Check and visualize the missing missing data:
car[car == ''] <- NA
sapply(car, function(x) sum(is.na(x)))
## name year selling_price km_driven fuel
## 0 0 0 0 0
## seller_type transmission owner mileage engine
## 0 0 0 221 221
## max_power torque seats
## 215 222 221
missmap(car, legend = TRUE, col = c("red", "blue"))
There are 221 missing value in mileage, engine and seats while there are 215 and 222 missing value for max_power and torque respectively.
Change model name variable into company name to understand data better with just single word rather than multiple word.
car$name <- word(car$name,1)
change car mileage variable to numerical data type and impute the missing value in car mileage using the mean:
car$mileage <- parse_number(car$mileage)
car$mileage[is.na(car$mileage)]<-mean(car$mileage,na.rm=TRUE)
change car engine variable to numerical data type and impute the missing value using the mean:
car$engine <- parse_number(car$engine)
car$engine[is.na(car$engine)]<-mean(car$engine,na.rm=TRUE)
Change car max_power variable to numeric data type and impute missing value using mean:
car$max_power <- parse_number(car$max_power)

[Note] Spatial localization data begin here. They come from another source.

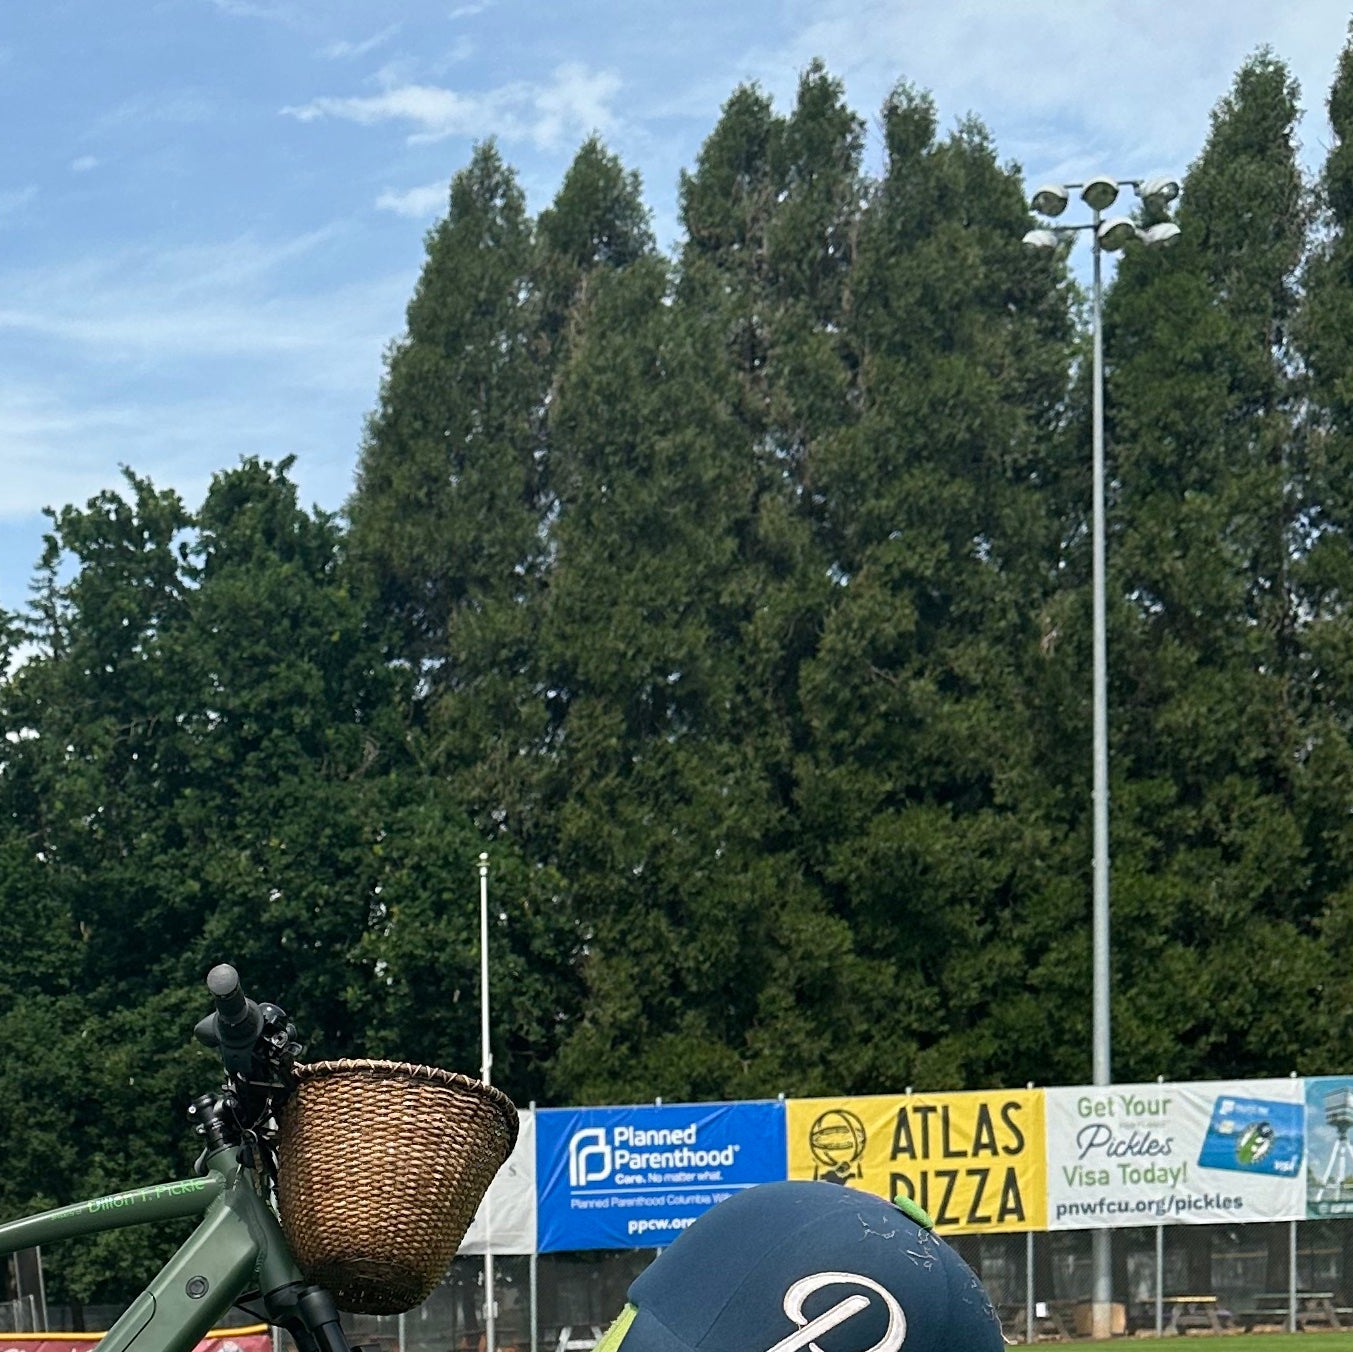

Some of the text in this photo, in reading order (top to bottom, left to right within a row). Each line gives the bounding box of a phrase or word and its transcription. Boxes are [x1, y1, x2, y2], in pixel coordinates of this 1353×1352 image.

[1077, 1094, 1172, 1118] Get Your
[613, 1122, 697, 1147] Planned
[889, 1101, 1026, 1161] ATLAS
[1076, 1122, 1174, 1161] Pickles
[614, 1172, 647, 1185] Care.
[1062, 1161, 1188, 1189] Visa Today!
[1056, 1193, 1244, 1220] pnwfcu.org/pickles
[627, 1216, 698, 1236] ppcw.or

car$max_power[is.na(car$max_power)]<-mean(car$max_power,na.rm=TRUE)
Impute car seat variable missing value using median:
car$seats[is.na(car$seats)]<-median(car$seats,na.rm=TRUE)

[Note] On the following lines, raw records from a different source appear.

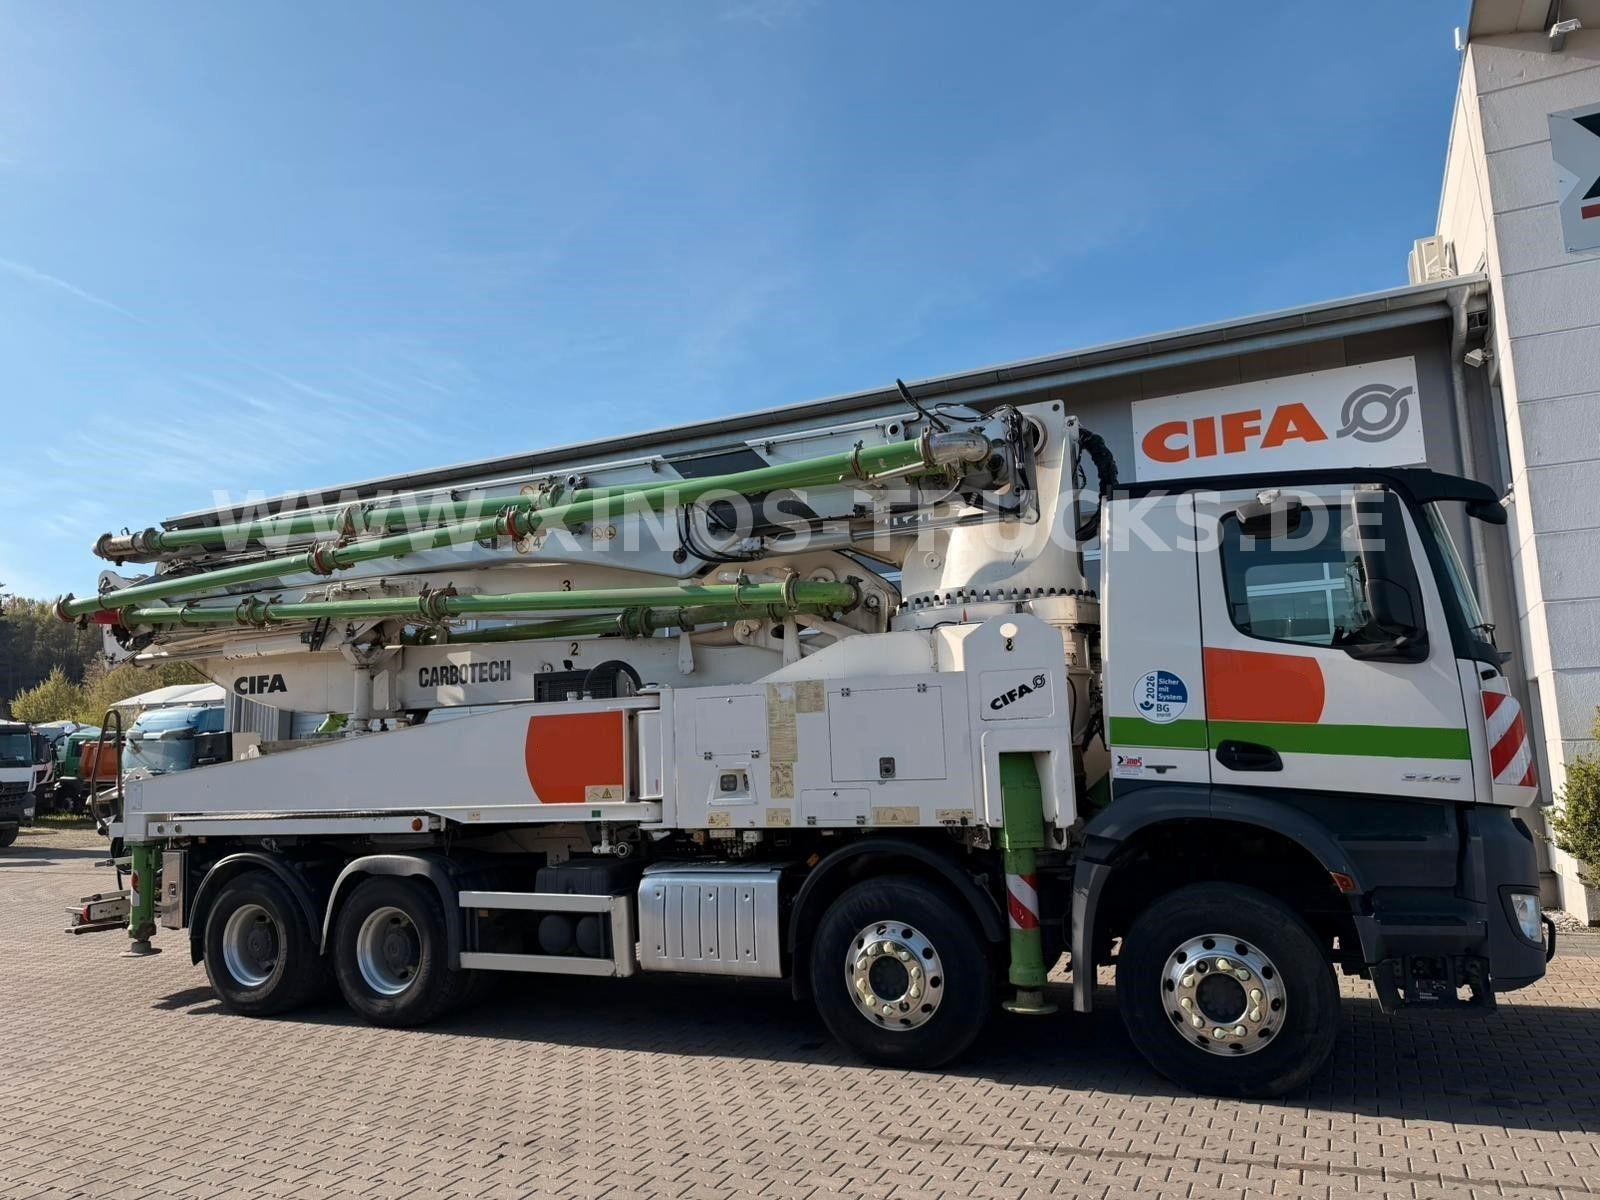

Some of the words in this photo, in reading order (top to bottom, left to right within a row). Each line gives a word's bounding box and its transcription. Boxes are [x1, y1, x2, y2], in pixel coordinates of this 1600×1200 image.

[1141, 402, 1329, 463] CIFA
[562, 579, 572, 592] 3
[570, 641, 579, 656] 2
[418, 660, 512, 688] CARBOTECH
[1158, 678, 1179, 686] Sicher
[233, 673, 288, 696] CIFA
[1146, 675, 1155, 699] 2026
[990, 683, 1034, 711] CIFA
[1158, 692, 1183, 701] System
[1156, 703, 1170, 712] BG

Change car torque variable to numeric and input missing value using mean:
car$torque <- parse_number(car$torque)
car$torque[is.na(car$torque)]<-mean(car$torque,na.rm=TRUE)
Check the data after data transformation and imputation.
head(car)
## name year selling_price km_driven fuel seller_type transmission
## 1 Maruti 2014 450000 145500 Diesel Individual Manual
## 2 Skoda 2014 370000 120000 Diesel Individual Manual
## 3 Honda 2006 158000 140000 Petrol Individual Manual
## 4 Hyundai 2010 225000 127000 Diesel Individual Manual
## 5 Maruti 2007 130000 120000 Petrol Individual Manual
## 6 Hyundai 2017 440000 45000 Petrol Individual Manual
## owner mileage engine max_power torque seats
## 1 First Owner 23.40 1248 74.00 190.00 5
## 2 Second Owner 21.14 1498 103.52 250.00 5
## 3 Third Owner 17.70 1497 78.00 12.70 5
## 4 First Owner 23.00 1396 90.00 22.40 5
## 5 First Owner 16.10 1298 88.20 11.50 5
## 6 First Owner 20.14 1197 81.86 113.75 5
The data has been transformed into more suitable form.
Recheck and revisualize the missing value:
sapply(car, function(x) sum(is.na(x)))
## name year selling_price km_driven fuel
## 0 0 0 0 0
## seller_type transmission owner mileage engine
## 0 0 0 0 0
## max_power torque seats
## 0 0 0
missmap(car, legend = TRUE, col = c("red", "blue"))
There is no missing value remaining after cleaning.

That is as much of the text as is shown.